The problem is that compound (multi-joint or “polyarticular”) exercises like chins, deadlifts, and rows not only train the large lat muscle of your back, but also many other muscles in your whole body. The lats are a notoriously hard to target body part, and these big lifts have the risk of shifting the work to other supporting muscles.

muscular person doing chin-ups outdoors
Credit: Iryna Inshyna / Shutterstock

The straight-arm pushdown, sometimes called a stiff-arm pushdown or pulldown, is one the most effective movements to work just the lats because it is an isolation (single-joint) exercise. This allows you to really focus on the target body part with minimal assistance from other muscles.

Adding this exercise might just be the key to unlock new growth and a better mind-muscle connection. Here’s why and how to add it to your training plan.

How to Do the Straight-Arm Pushdown

As a single-joint exercise, the straight-arm pushdown is a fairly straightforward to perform. These types of movements typically require less coordination and technique than multi-joint exercises, but you still need to use proper form if you want the best results.
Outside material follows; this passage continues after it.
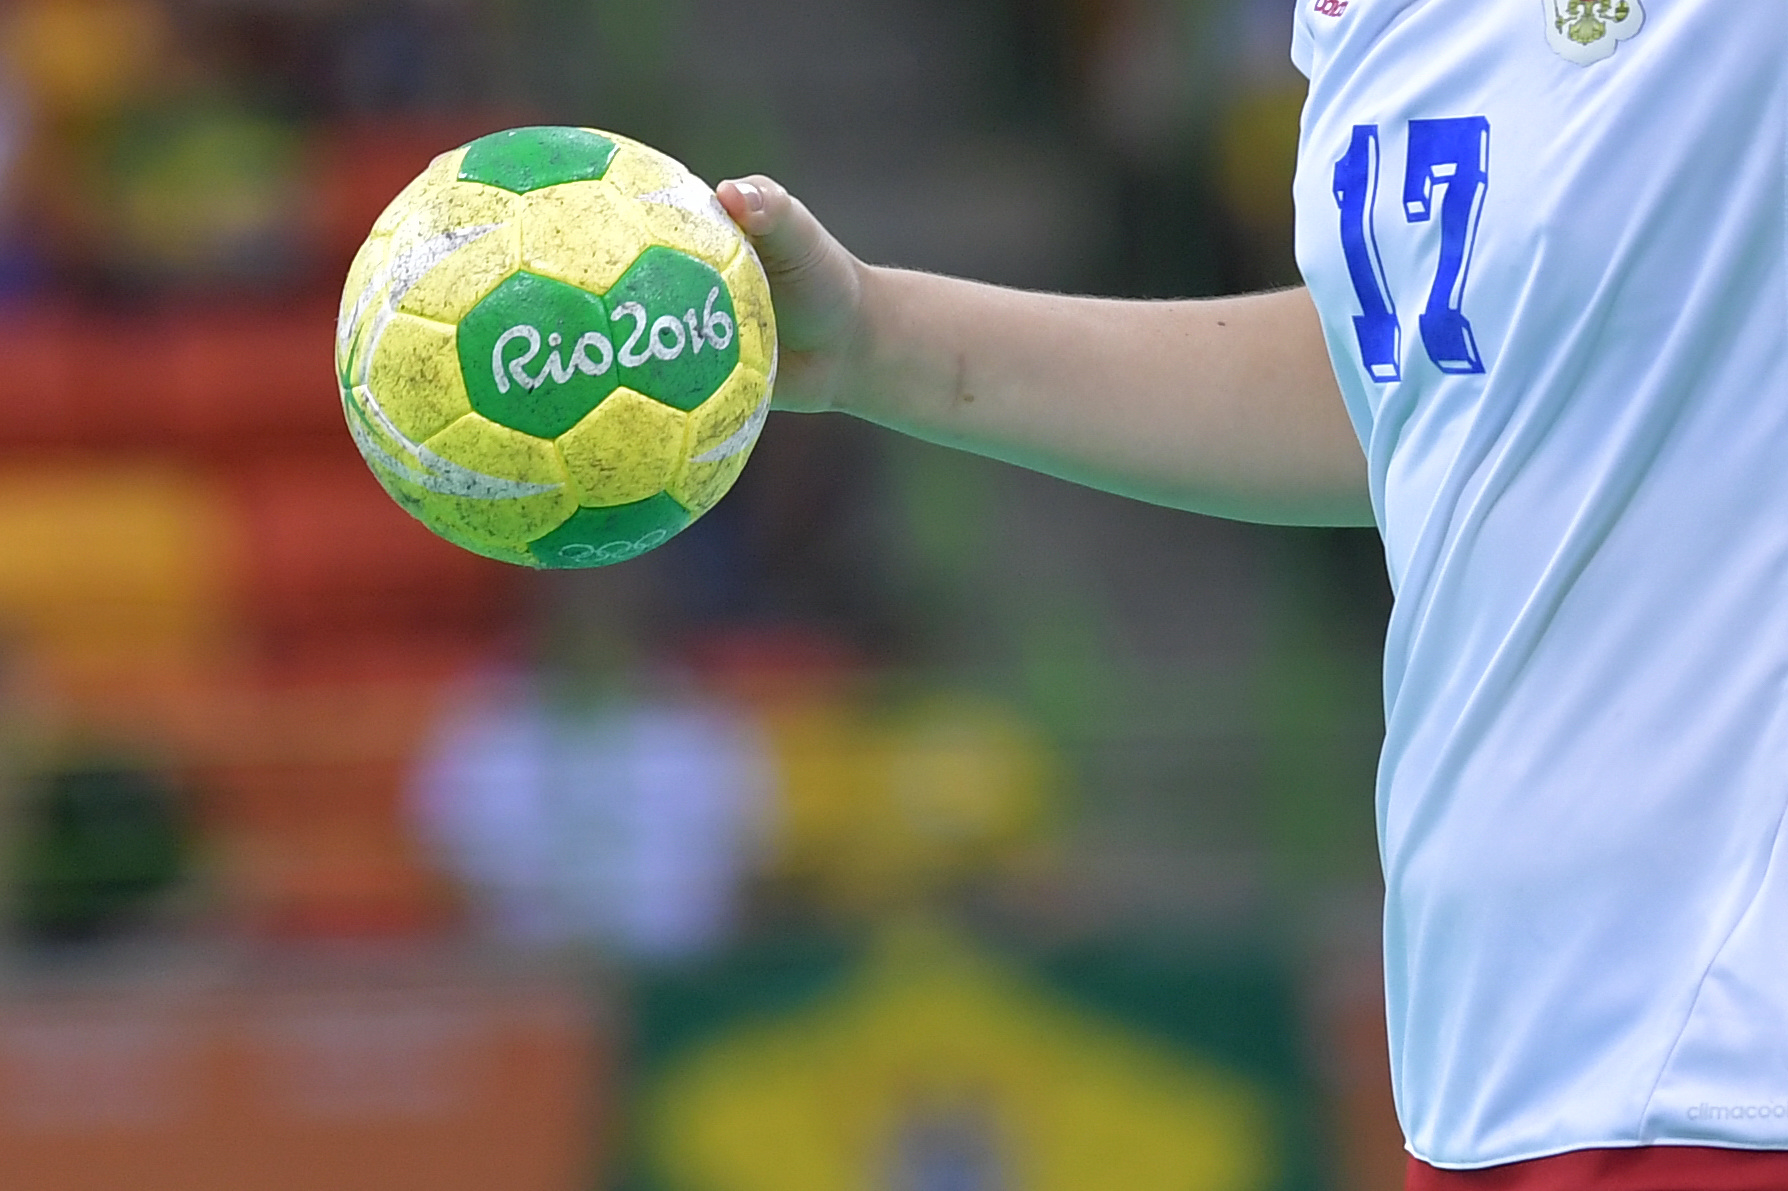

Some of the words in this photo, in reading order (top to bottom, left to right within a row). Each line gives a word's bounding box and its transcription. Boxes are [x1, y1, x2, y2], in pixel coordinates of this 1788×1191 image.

[492, 325, 613, 394] Rio
[610, 286, 733, 367] 2016
[1332, 115, 1490, 384] 17
Step 1 — Set up at the Cable Station

Person in gym doing cable machine exercise.
Credit: ANRproduction / Shutterstock

Set a cable pulley at the maximum height so that you can enjoy a full range of motion, and attach a straight or EZ-curl bar. 

Grab the bar using a palms-down, shoulder-width grip, and fully extend your arms toward the pulley. Step back until the weight starts floating off the stack and you feel tension pulling you toward it. Lean forward at the waist and slightly bend your knees to adopt a stable position from which to pull. Your hands should be slightly above shoulder-height.

Form tip: Keep your shoulders down and your chest puffed up. This will diminish the stress on your shoulders and reduce interference from non-target muscles like your shoulders or traps.

Step 2 — Pull the Weight Down

Person in gym doing cable back exercise.
Credit: ANRproduction / Shutterstock

Exhale and squeeze your lats as much as you can while driving the bar down towards your thighs. Keep your arms straight or slightly-bent for the duration of the lift. Nothing should move but your arms. Keep your wrists neutral, don’t allow them to curl down or bend back.

Form tip: Imagine you have an orange under each of your armpits and you’re squeezing them for their juice. This will help you recruit your back more and shift focus away from your arms.

Step 3 — Control the Stretch

Person in gym doing back exercise with cable machine.
Credit: ANRproduction / Shutterstock

When the bar is nearly touching your legs, slowly reverse the motion and let your arms come up. Keep your torso still and don’t stand up straight at the weight comes up. Once you’re at the top of the range of motion and your back is fully stretched, repeat for the desired amount of reps. 

Form tip: If you feel your arms overpowering your lats, and your triceps or shoulders fatigue before your back muscles, use a “false grip” by placing your thumb on top of the bar next to your fingers. This will reduce arm involvement.

Straight-Arm Pushdown Mistakes to Avoid

The straight-arm pushdown requires focus to reap all the benefits. You have to nail the technique if you want to progress safely, and that means avoiding these common mistakes.

Swinging the Weight

Ego should never have a place in the gym, especially not when doing an isolation movement. If you start using body English to move more weight, you’ll end up working your hips, abs, and arms more than your back. If you want to move more weight and use as many muscles as possible, then skip the straight-arm pushdowns and do some barbell rows.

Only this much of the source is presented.